Each record below should be returned word for word, with no pictures included.
****************************************
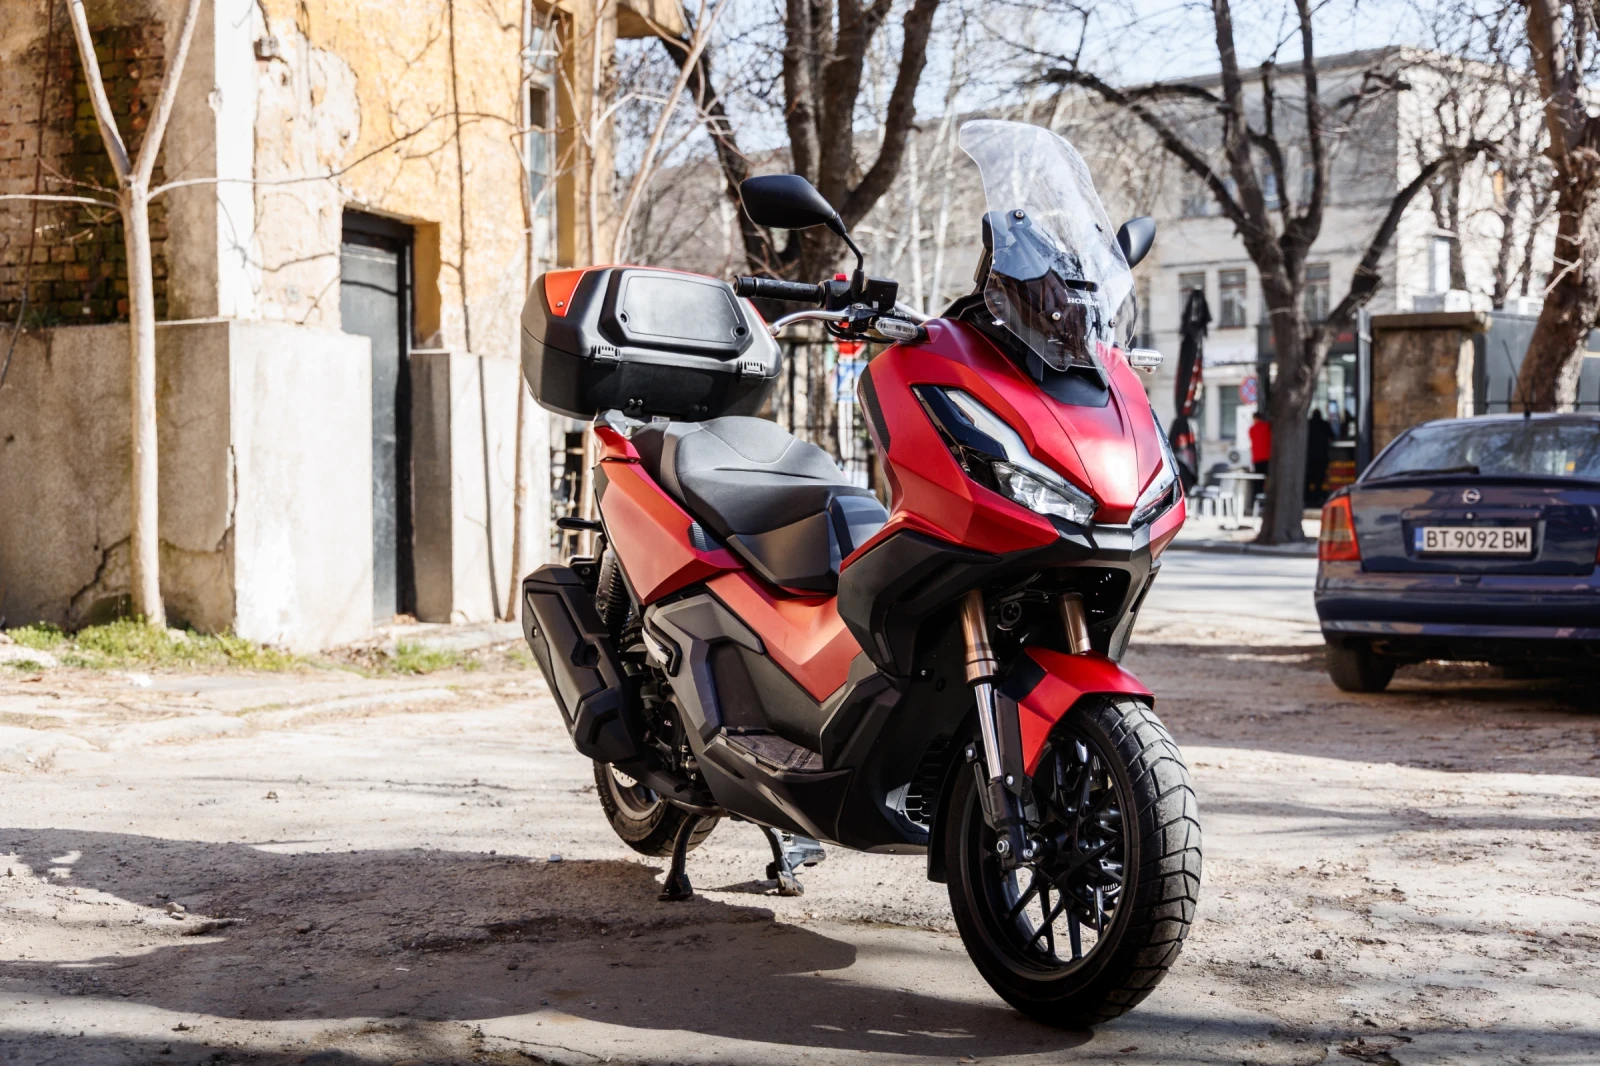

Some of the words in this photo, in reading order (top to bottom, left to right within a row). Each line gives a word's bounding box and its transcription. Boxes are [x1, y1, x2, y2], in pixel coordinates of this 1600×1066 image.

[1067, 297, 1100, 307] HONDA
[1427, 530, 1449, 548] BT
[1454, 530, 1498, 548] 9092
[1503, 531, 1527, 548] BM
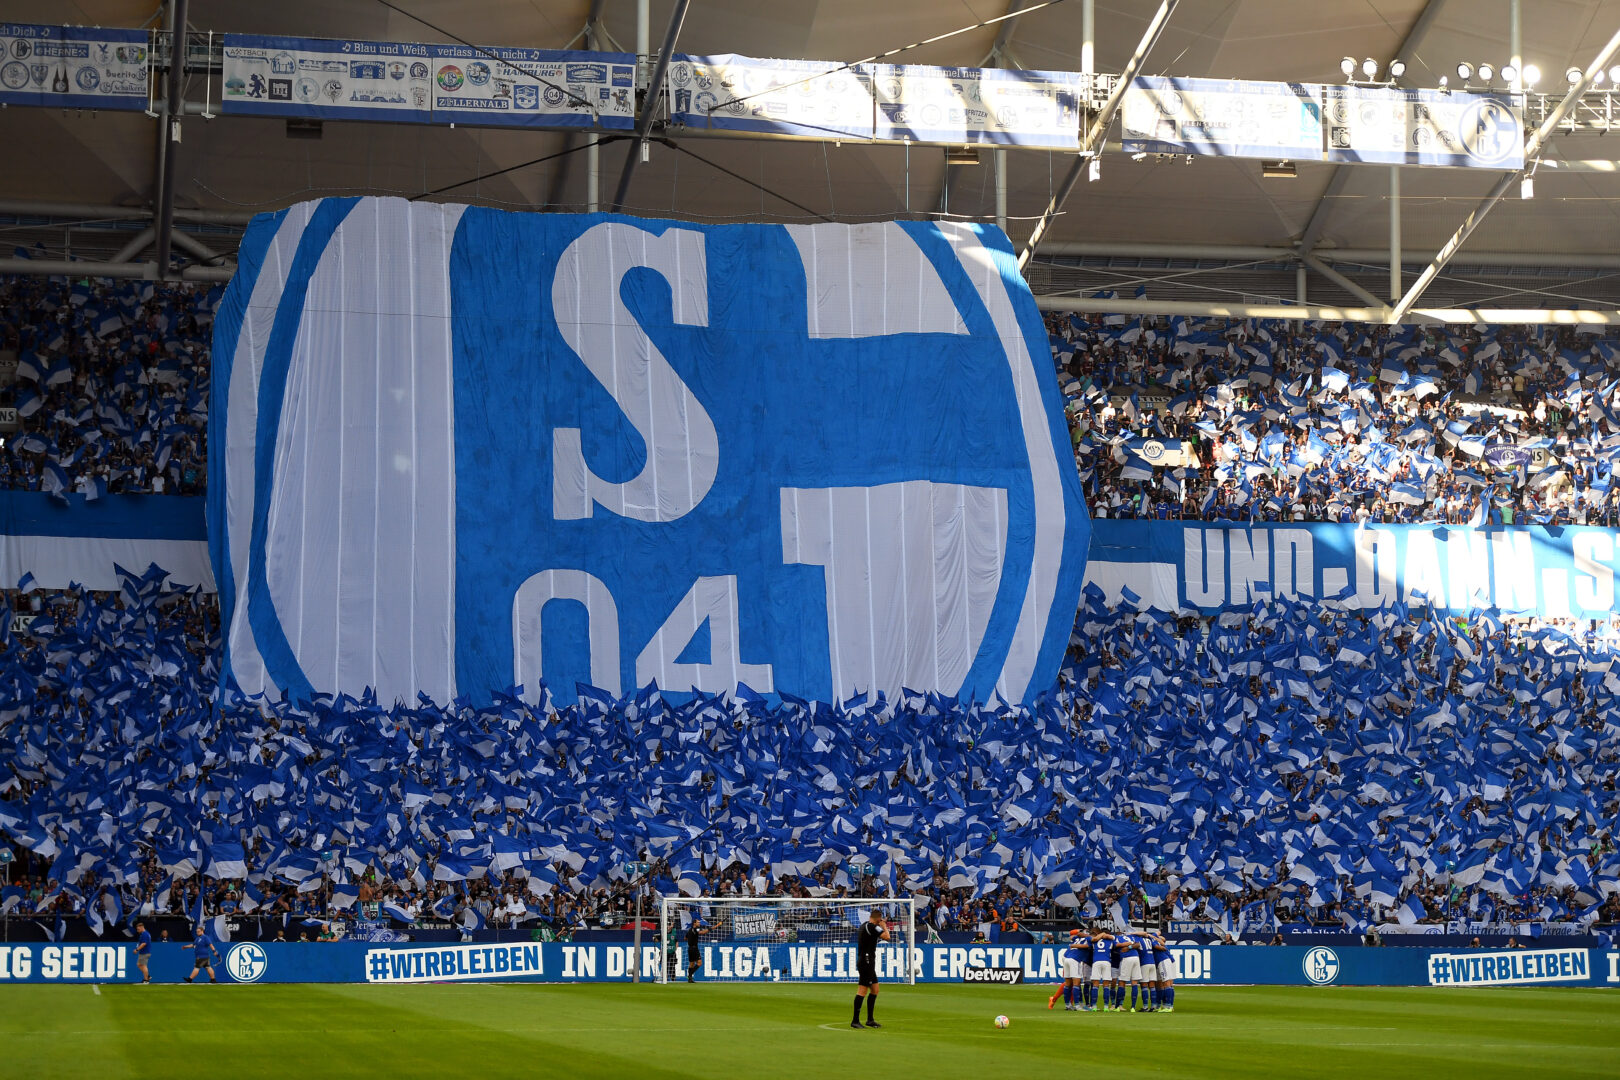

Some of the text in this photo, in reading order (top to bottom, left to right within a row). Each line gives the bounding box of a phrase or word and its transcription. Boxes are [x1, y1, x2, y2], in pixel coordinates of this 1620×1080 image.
****************************************
■ Solution ■
Some of the words in this photo, in reading order (top to bottom, left to right within a row). Each line gives a word's bounding box and its transcription. Boxes are [x1, y1, x2, y2], in pixel coordinates of this 1600×1066 image.

[1067, 297, 1100, 307] HONDA
[1427, 530, 1449, 548] BT
[1454, 530, 1498, 548] 9092
[1503, 531, 1527, 548] BM

Some of the text in this photo, in reading order (top to bottom, left to right within a row). Each line gives the bounding box of a phrase or word and its transcription. Boxes are [x1, y1, x2, y2], in pixel coordinates of this 1620×1080 image.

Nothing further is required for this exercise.